I’ve lost a huge number of people who were parts of my support system, slowly, incrementally. None of them matter much, except one. I’ve always known I didn’t need tons of friends, just a few close ones. But one bothers me immensely, yet I can’t imagine in a world like this how we go forward anymore. It would just be awkward. I think sometimes that will smooth out, but I know that depends on what is happening to this country and to half of us here.
Still, I have the ability to adjust, to let go, to forgive people even if I can’t hang with them. Though I don’t plan to hate myself for having to go through the grief process and for not feeling good all the time. I have not lost my immediate family, and I’m lucky, since this has torn immediate families apart. I have made a few new friends, on blogs (Hi Susan and Christopher and John and Smitha and Kate and there are a few others I am not sure of their real names due to their blog titles), a neighbor here I’ve gotten to know much better, and I still have a few old ones: Larry and Karen and Bob. My mother’s friend, Ginny. 🙂 So I’m luckier than some. I still have a support system.

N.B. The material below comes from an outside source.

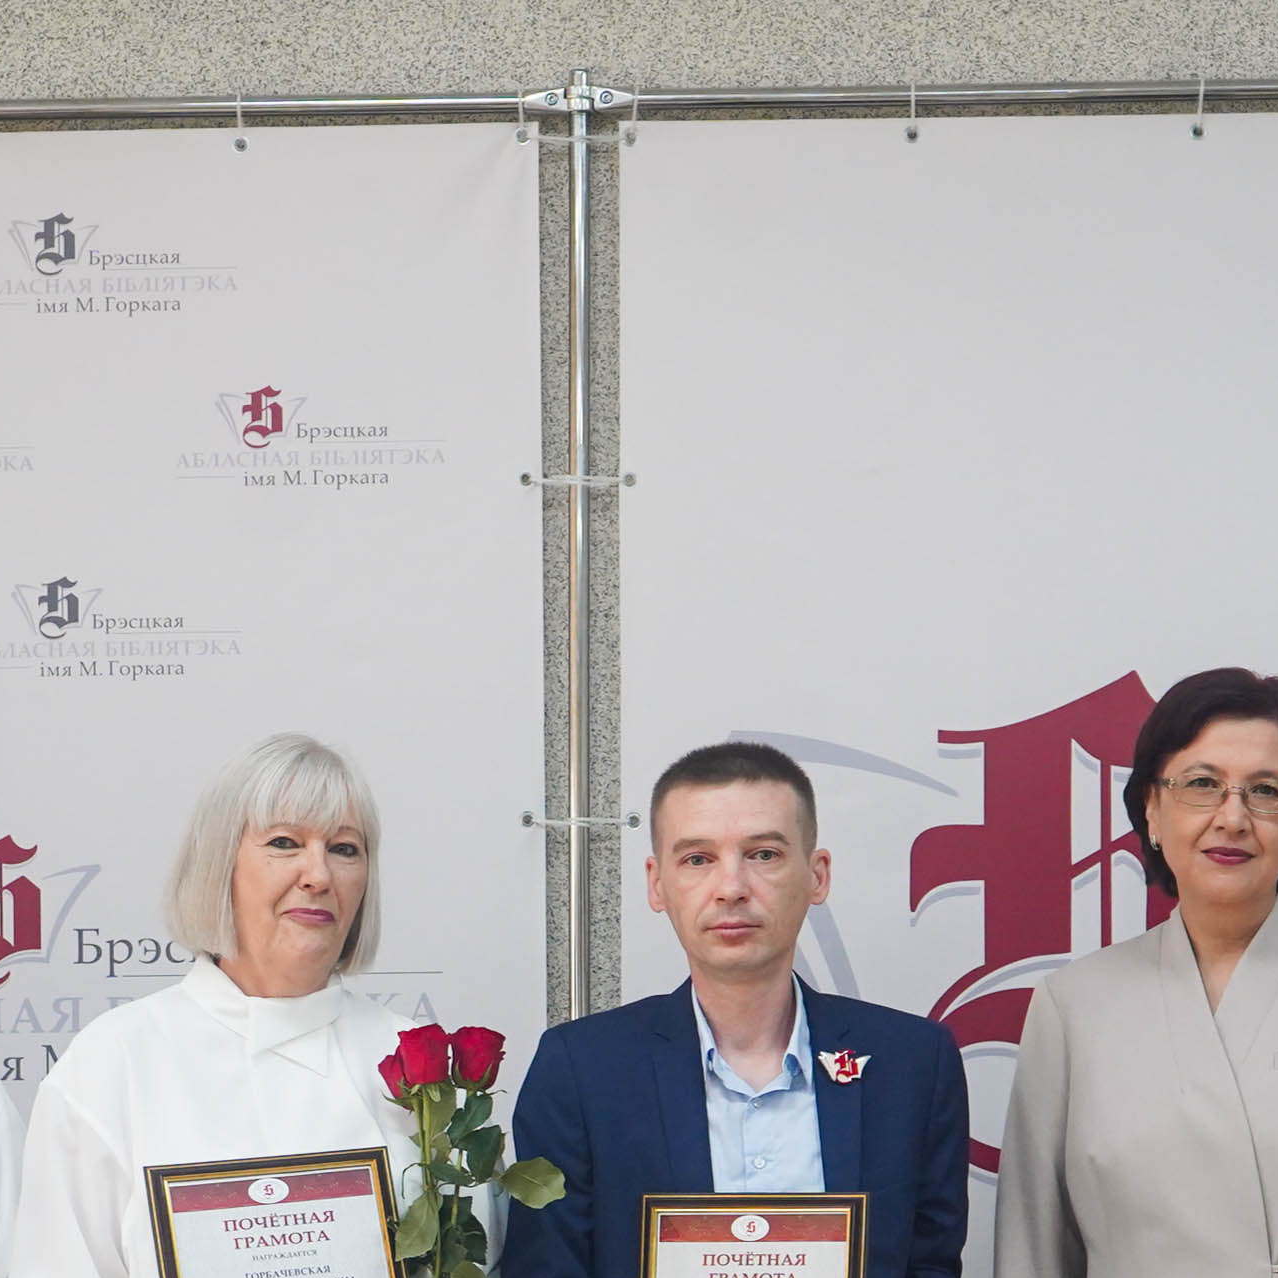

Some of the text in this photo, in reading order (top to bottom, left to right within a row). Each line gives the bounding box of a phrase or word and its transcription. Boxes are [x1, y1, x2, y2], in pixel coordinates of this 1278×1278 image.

Who knows how long before we’re censored, but so far…I’ve removed Facebook and Twitter–I never tweeted or did Instagram at all anyway.
We’ve remained healthy so far. My doctor is open to prescribing Ivermectin if I reject the vaccine (my father might want it).

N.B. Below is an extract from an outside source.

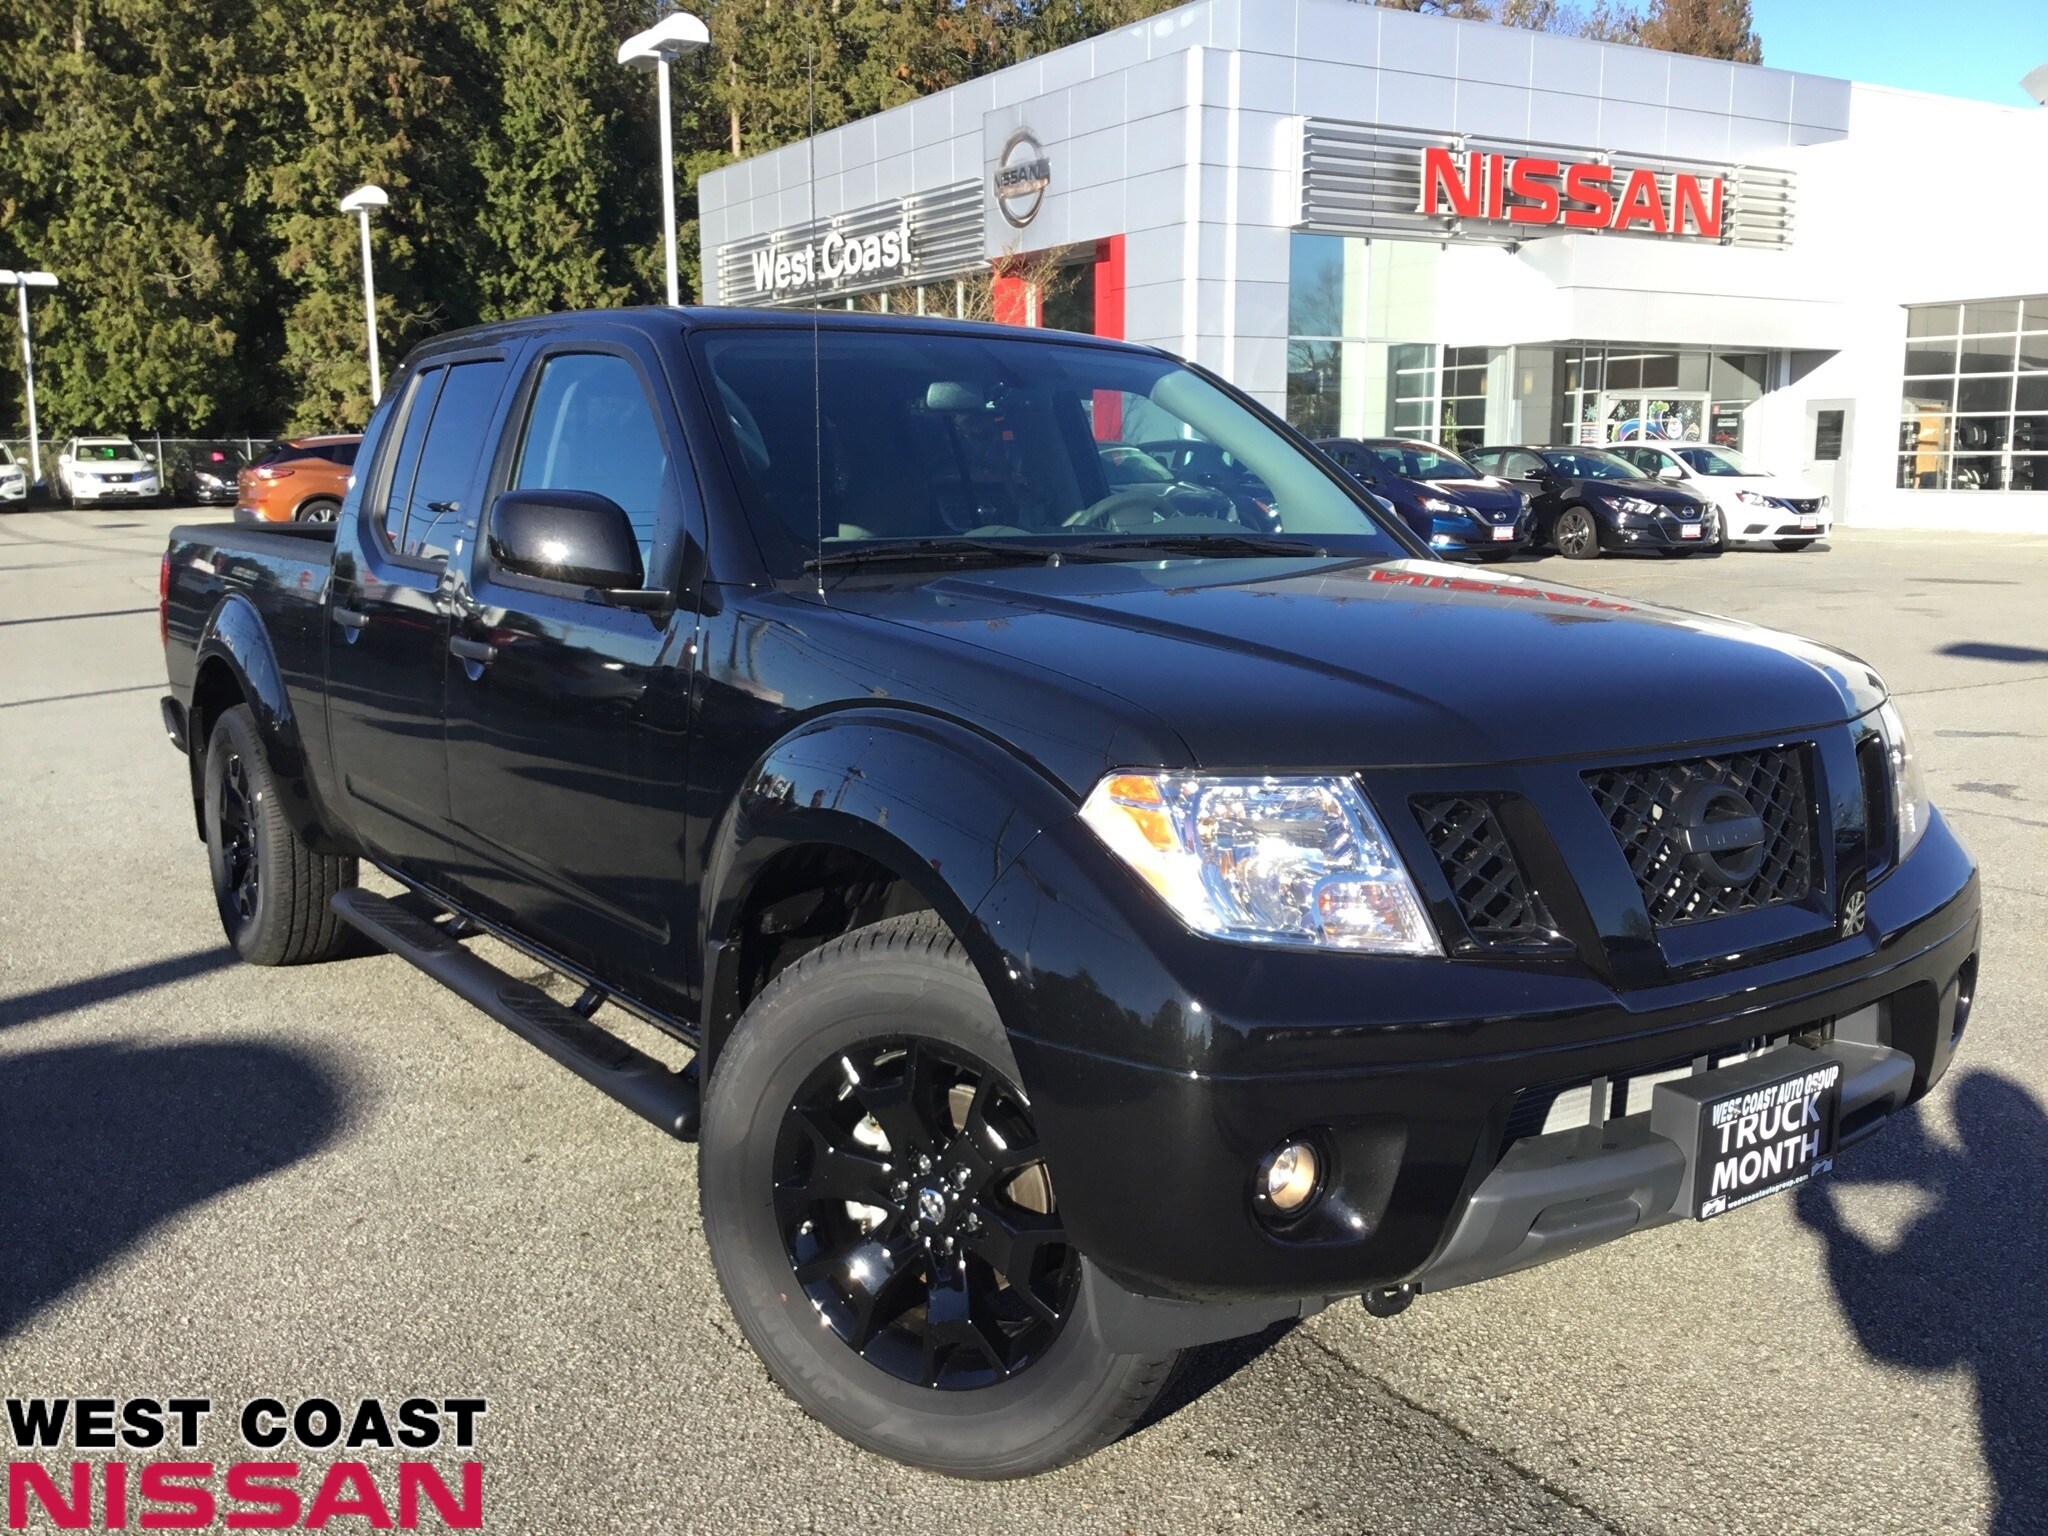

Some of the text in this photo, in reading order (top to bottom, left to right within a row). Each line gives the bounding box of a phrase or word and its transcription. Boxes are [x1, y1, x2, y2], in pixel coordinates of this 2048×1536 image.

So even though I feel shell shocked and like my world has closed up on me or disappeared on me in so many ways, I plan to read mornings about the new heaven and earth and forgiveness, a few pages, each day, and try to remember, as I always did after my son Josh was born, that things could be worse, that there are people who have things worse. We think our refinance is going through thanks to Michigan State University credit union and I have a few updates planned to distract me. My son John has had no big problems with the testicular cancer.
We are lucky.
My biggest problem is I can’t write. I feel empty inside right now. I am worried I’ll never write again. Part of it is even commercial venues might be a problem and I certainly have no chance at any university press — they publush one point of view now even though we publicly fund them. But it isn’t just that. It’s like the words are gone. Did you ever see the movie Adaptation? Weird thing with Merrill Streep. There is a guy in there who has a passion for orchids until one day he doesn’t: “I’m done with orchids.” I always wondered if that might happen to me because I’ve never had writer’s block. Though I suspected one day I might just stop and it seems maybe I have.. Perhaps it is only that or my soul needs resting. I am writing on this blog at least, but I can’t get back to my fantasy novel. I haven’t written a word or hardly revised in two years. My daughter is working on my memoir/woodfire cookbook which luckily was done.
But I’m wordless when it comes to my book…maybe Tolle or the forgiveness lady will help.